Terry Sutherland, citoyen d’Indianapolis, a récemment obtenu un permis de port d’armes. Un fait banal aux États-Unis, sauf que Terry est aveugle. En suivant la procédure classique, il voulait démontrer à quel point l’accès aux armes à feu est facilité, même pour ceux qui ne peuvent pas s’en servir de manière conventionnelle.
Une expérience édifiante
Désireux de tester les limites du système, Terry Sutherland s’est rendu dans les bureaux administratifs, sa canne blanche en main, et a entamé les démarches comme n’importe quel autre citoyen. À sa grande surprise, personne ne lui a posé de questions sur ses capacités à manier une arme. « Je pensais qu’à un moment, on allait m’arrêter, mais non.
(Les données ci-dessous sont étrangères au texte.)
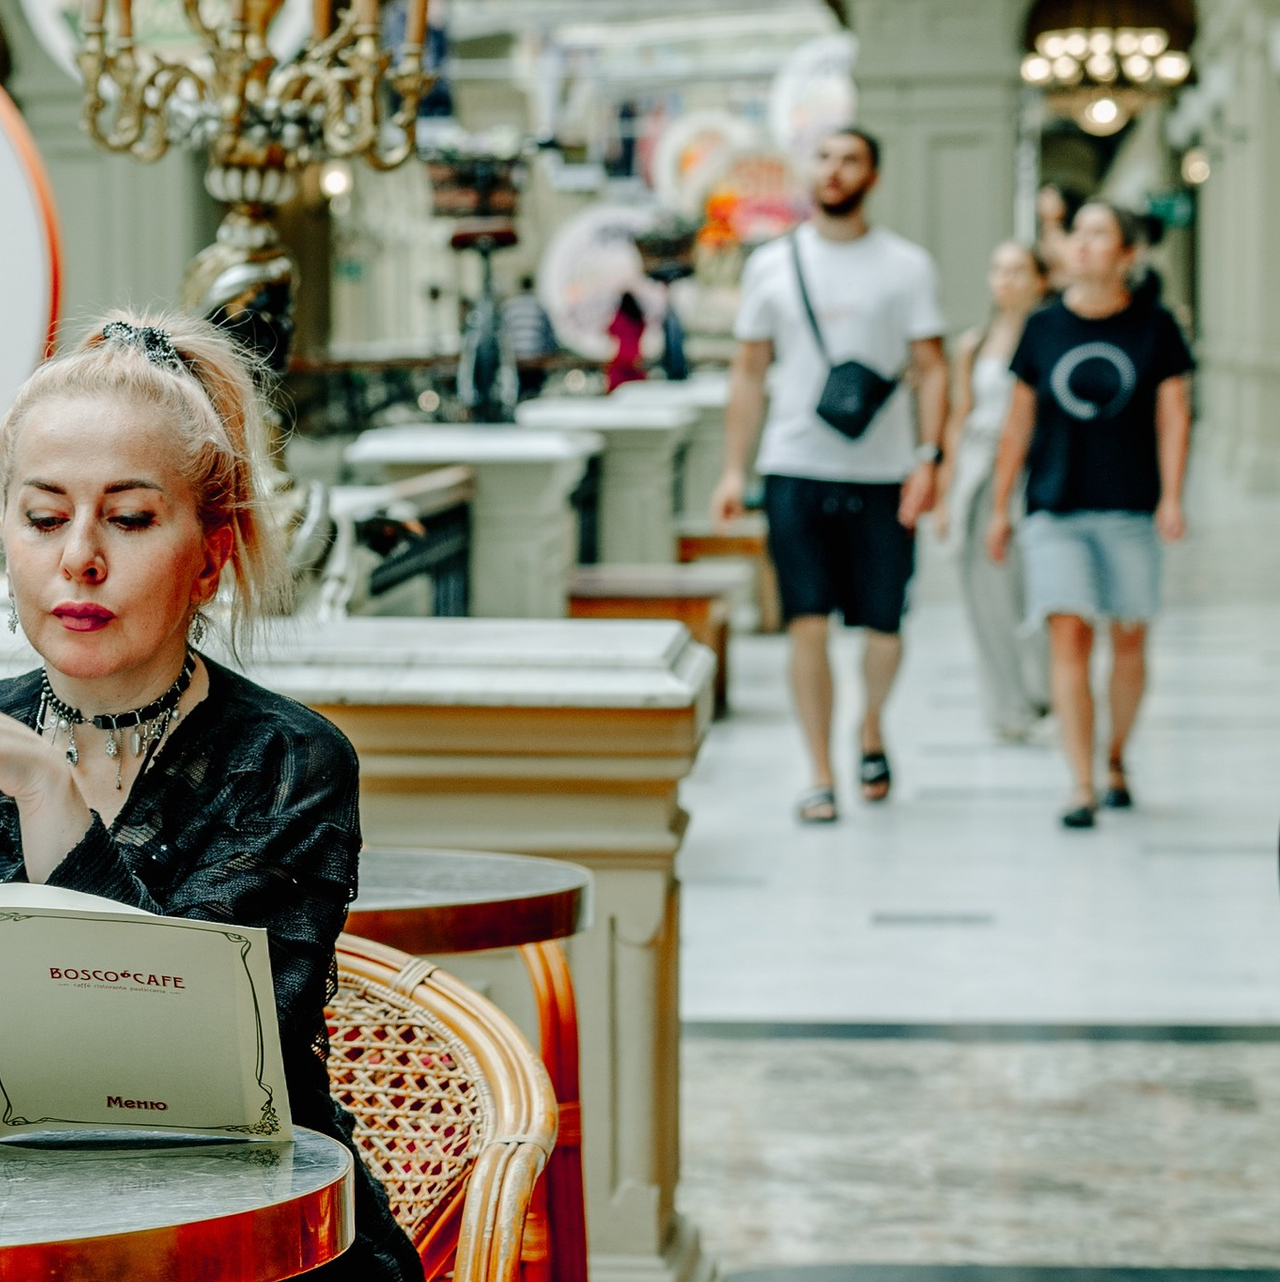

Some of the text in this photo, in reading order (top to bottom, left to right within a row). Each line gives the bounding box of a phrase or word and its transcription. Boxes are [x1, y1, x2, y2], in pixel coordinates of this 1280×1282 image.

[49, 967, 186, 989] BOSCO CAFE
[106, 1096, 168, 1111] Меню
Tout s’est déroulé comme si de rien n’était », raconte-t-il.
S’il reconnaît le droit au port d’armes inscrit dans la Constitution, il estime que des contrôles plus stricts seraient du bon sens. « On ne parle pas d’interdire, juste de vérifier qu’une personne peut utiliser son arme en toute sécurité. C’est le minimum, non ? », s’interroge-t-il.
Un débat qui divise
L’affaire a relancé les discussions sur la régulation des armes à feu. Pour certains défenseurs du deuxième amendement, comme l’avocat Guy Relford, cette initiative vise simplement à discréditer le droit au port d’armes. « Chacun est responsable de son usage. Ce n’est pas à l’État de décider qui est apte ou non », affirme-t-il.
Terry Sutherland, lui, persiste et signe. « Si un aveugle peut obtenir une arme sans encombre, pourquoi ne pourrait-il pas prétendre à un permis de conduire ? », ironise-t-il. Il attend toujours une réponse des législateurs, mais son message, lui, a déjà fait mouche.